## [TASK]
All entries below are to be copied precisely as they appear.

## [Records from a data collection]
------------------------------------------------

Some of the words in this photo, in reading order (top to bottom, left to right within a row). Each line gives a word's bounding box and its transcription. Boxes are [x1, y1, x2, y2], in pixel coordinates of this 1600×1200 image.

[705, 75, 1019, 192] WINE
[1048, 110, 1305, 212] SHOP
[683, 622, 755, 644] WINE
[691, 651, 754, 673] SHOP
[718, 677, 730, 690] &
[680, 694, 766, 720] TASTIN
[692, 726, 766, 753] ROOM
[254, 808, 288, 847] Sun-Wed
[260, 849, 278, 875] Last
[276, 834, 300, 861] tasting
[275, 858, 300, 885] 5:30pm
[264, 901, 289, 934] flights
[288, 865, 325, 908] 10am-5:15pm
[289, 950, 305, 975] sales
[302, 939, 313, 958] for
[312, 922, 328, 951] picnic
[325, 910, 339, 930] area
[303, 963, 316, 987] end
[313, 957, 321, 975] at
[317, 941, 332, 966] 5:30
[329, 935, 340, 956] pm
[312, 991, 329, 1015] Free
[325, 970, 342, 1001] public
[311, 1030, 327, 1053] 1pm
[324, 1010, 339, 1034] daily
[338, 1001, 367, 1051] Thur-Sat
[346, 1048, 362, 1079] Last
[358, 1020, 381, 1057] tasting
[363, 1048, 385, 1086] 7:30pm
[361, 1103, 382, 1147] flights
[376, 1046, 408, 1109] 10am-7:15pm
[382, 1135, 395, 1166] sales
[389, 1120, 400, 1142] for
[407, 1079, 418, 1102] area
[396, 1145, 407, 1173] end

------------------------------------------------

## [OUTPUT OF THE TASK]
Some of the words in this photo, in reading order (top to bottom, left to right within a row). Each line gives a word's bounding box and its transcription. Boxes are [x1, y1, x2, y2], in pixel coordinates of this 1600×1200 image.

[705, 75, 1019, 192] WINE
[1048, 110, 1305, 212] SHOP
[683, 622, 755, 644] WINE
[691, 651, 754, 673] SHOP
[718, 677, 730, 690] &
[680, 694, 766, 720] TASTIN
[692, 726, 766, 753] ROOM
[254, 808, 288, 847] Sun-Wed
[260, 849, 278, 875] Last
[276, 834, 300, 861] tasting
[275, 858, 300, 885] 5:30pm
[264, 901, 289, 934] flights
[288, 865, 325, 908] 10am-5:15pm
[289, 950, 305, 975] sales
[302, 939, 313, 958] for
[312, 922, 328, 951] picnic
[325, 910, 339, 930] area
[303, 963, 316, 987] end
[313, 957, 321, 975] at
[317, 941, 332, 966] 5:30
[329, 935, 340, 956] pm
[312, 991, 329, 1015] Free
[325, 970, 342, 1001] public
[311, 1030, 327, 1053] 1pm
[324, 1010, 339, 1034] daily
[338, 1001, 367, 1051] Thur-Sat
[346, 1048, 362, 1079] Last
[358, 1020, 381, 1057] tasting
[363, 1048, 385, 1086] 7:30pm
[361, 1103, 382, 1147] flights
[376, 1046, 408, 1109] 10am-7:15pm
[382, 1135, 395, 1166] sales
[389, 1120, 400, 1142] for
[407, 1079, 418, 1102] area
[396, 1145, 407, 1173] end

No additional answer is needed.